Background: Metabolic reprogramming, immune evasion and tumor-promoting inflammation are three hallmarks of cancer that provide new perspectives for understanding the biology of cancer. We aimed to figure out the relationship of tumor glycolysis and immune/inflammation function in the context of breast cancer, which is significant for deeper understanding of the biology, treatment and prognosis of breast cancer. Methods: Using mRNA transcriptome data, tumor-infiltrating lymphocytes (TILs) maps based on digitized H&E-stained images and clinical information of breast cancer from The Cancer Genome Atlas projects (TCGA), we explored the expression and prognostic implications of glycolysis-related genes, as well as the enrichment scores and dual role of different immune/inflammation cells in the tumor microenvironment. The relationship between glycolysis activity and immune/inflammation function was studied by using the differential genes expression analysis, gene ontology (GO) analysis, Kyoto Encyclopedia of Genes and Genomes (KEGG) analysis, gene set enrichment analyses (GSEA) and correlation analysis.
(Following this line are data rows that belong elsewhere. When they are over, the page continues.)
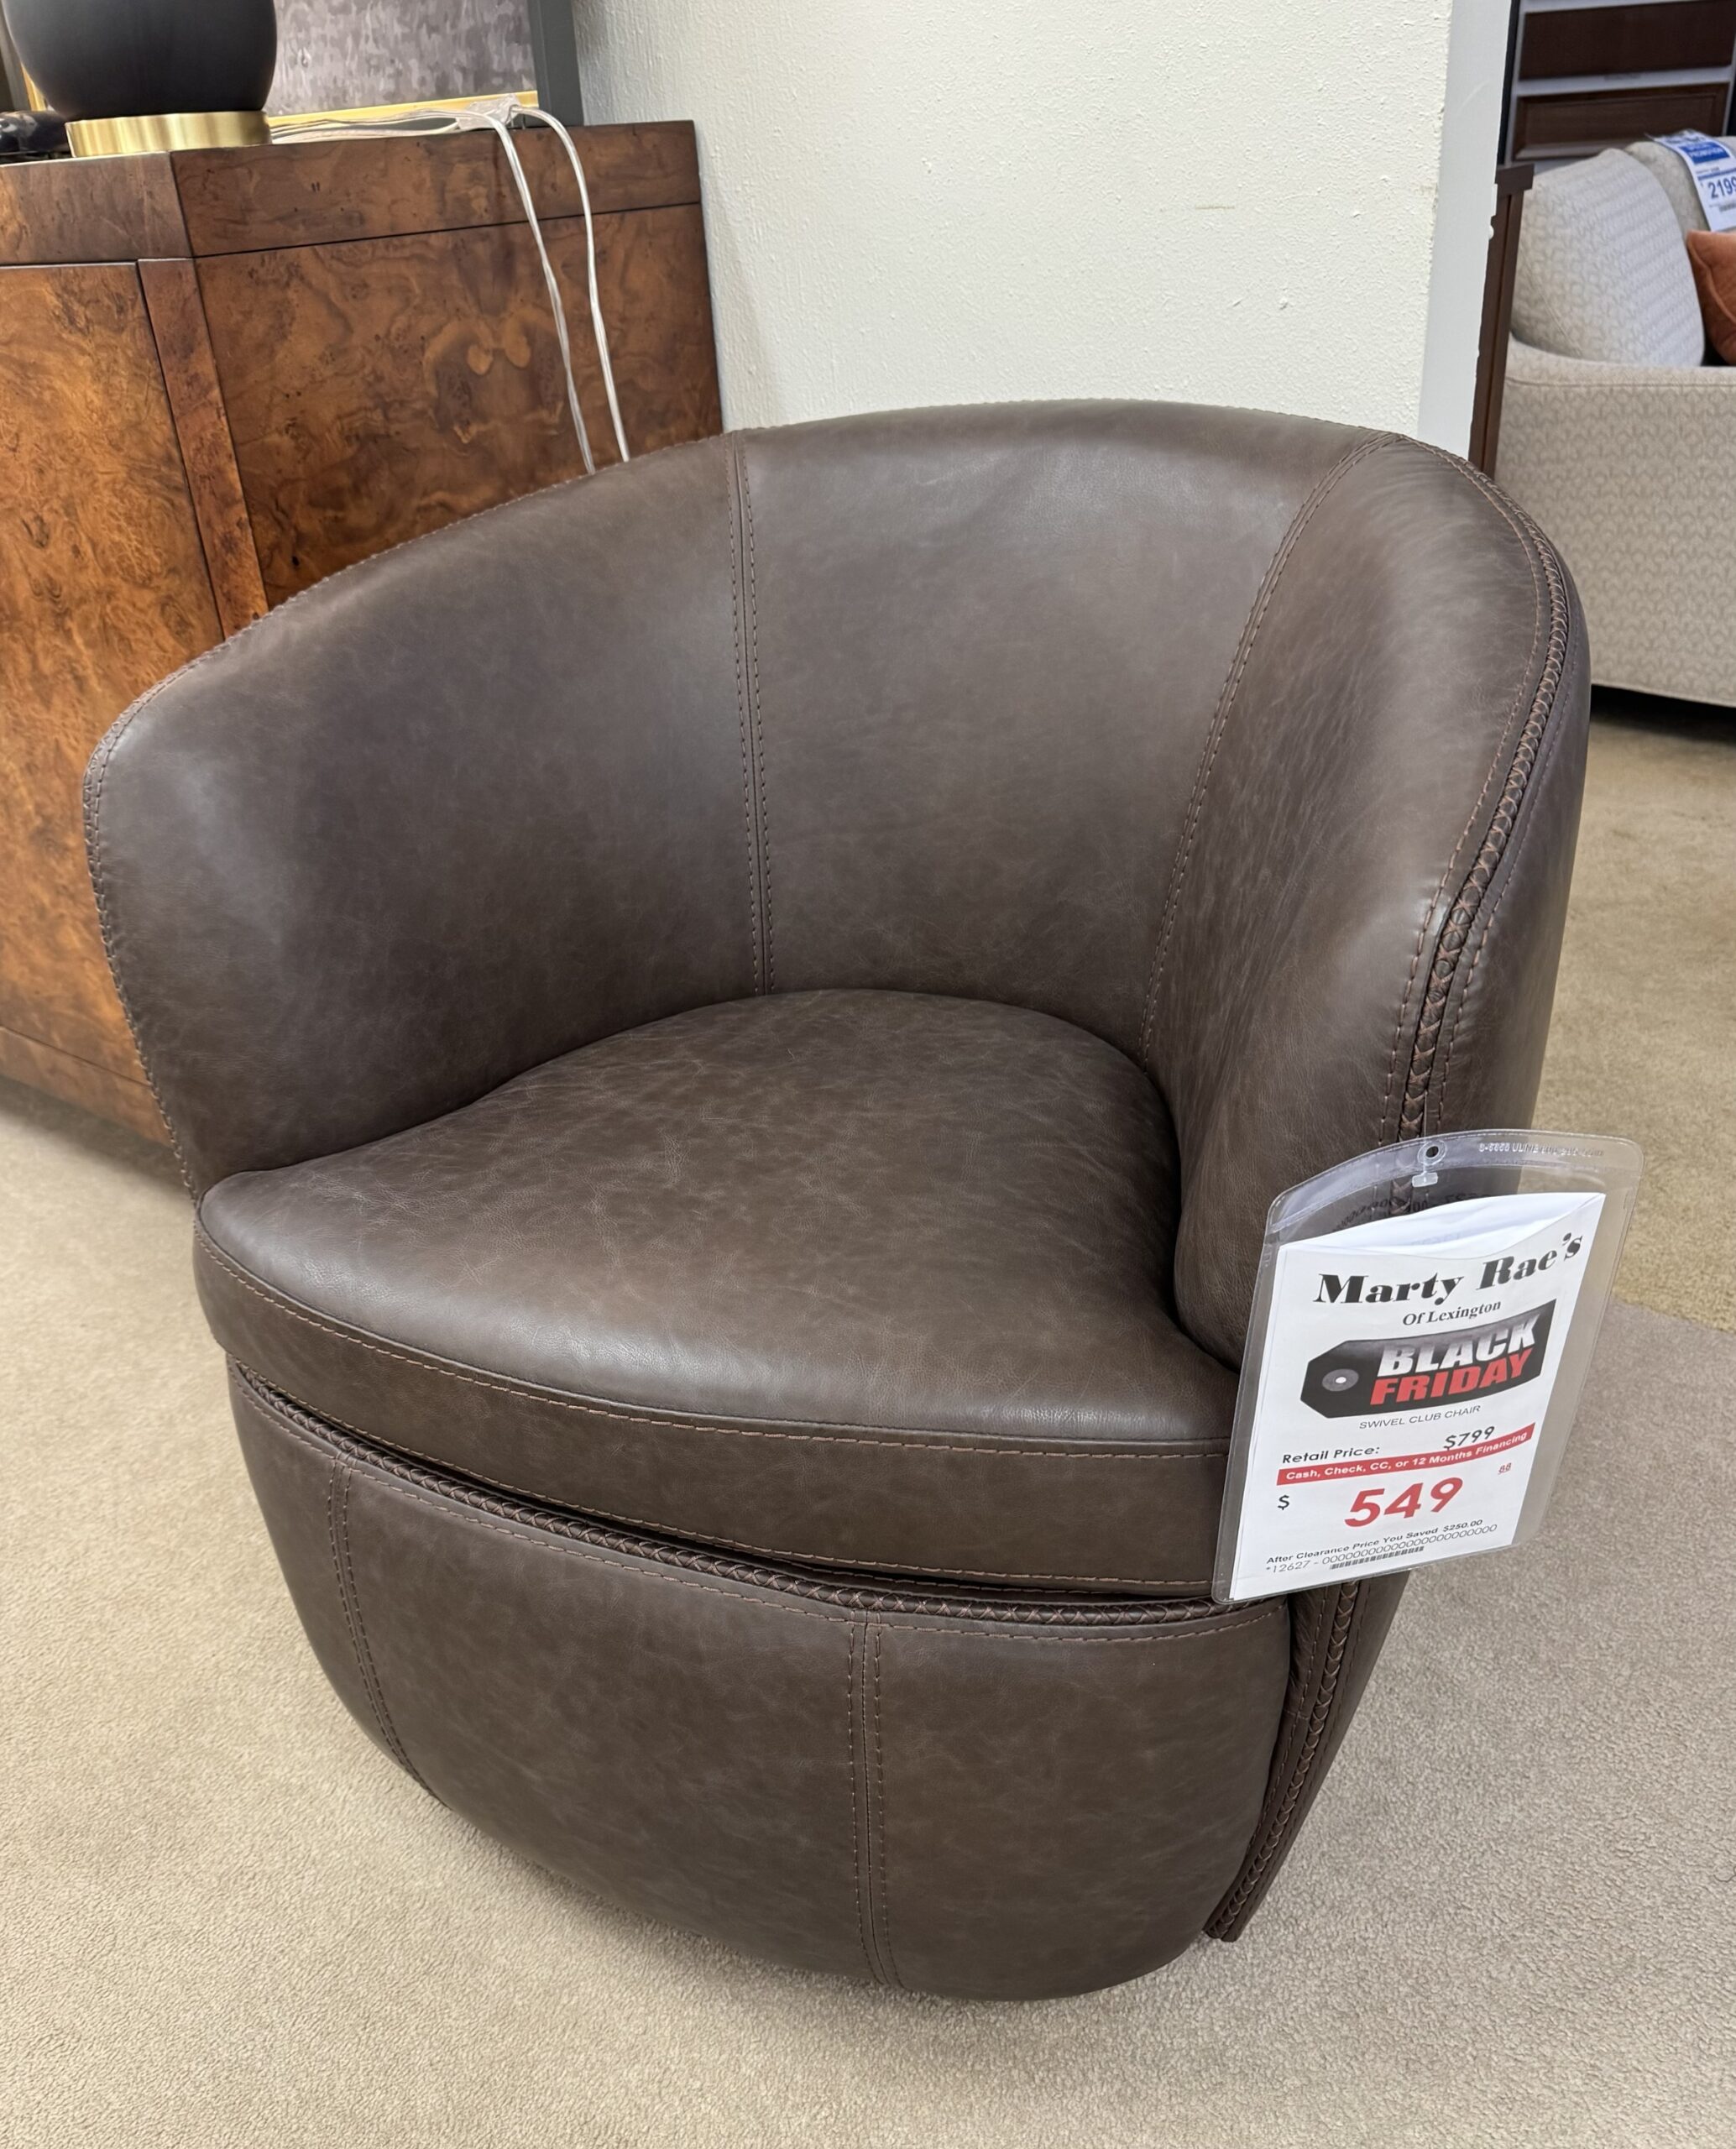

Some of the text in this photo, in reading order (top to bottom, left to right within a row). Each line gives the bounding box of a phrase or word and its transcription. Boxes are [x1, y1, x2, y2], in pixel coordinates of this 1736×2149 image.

[1313, 1232, 1582, 1305] Marty Rae's
[1403, 1301, 1501, 1325] Of Lexington
[1377, 1313, 1540, 1377] BLACK
[1370, 1348, 1533, 1405] FRIDAY
[1359, 1405, 1481, 1430] SWIVEL CLUB CHAIR
[1282, 1426, 1495, 1464] Retail Price: $799
[1285, 1431, 1527, 1481] Cash, Check, CC, or 12 Months Financing
[1278, 1477, 1463, 1527] $ 549
[1266, 1519, 1483, 1564] After Clearance Price You Saved $250.00
Results: Most glycolysis-related genes had higher expression in breast cancer compared to normal tissue. Higher phosphoglycerate kinase 1 (PGK1) expression was associated with poor prognosis. High glycolysis group had upregulated immune/inflammation-related genes expression, upregulated immune/inflammation pathways especially IL-17 signaling pathway, higher enrichment of multiple immune/inflammation cells such as Th2 cells and macrophages. However, high glycolysis group was associated with lower infiltration of tumor-killing immune cells such as NKT cells and higher immune checkpoints expression such as PD-L1, CTLA4, FOXP3 and IDO1. Conclusions: In conclusion, the enhanced glycolysis activity of breast cancer was associated with pro-tumor immunity. The interaction between tumor glycolysis and immune/inflammation function may be mediated through IL-17 signaling pathway.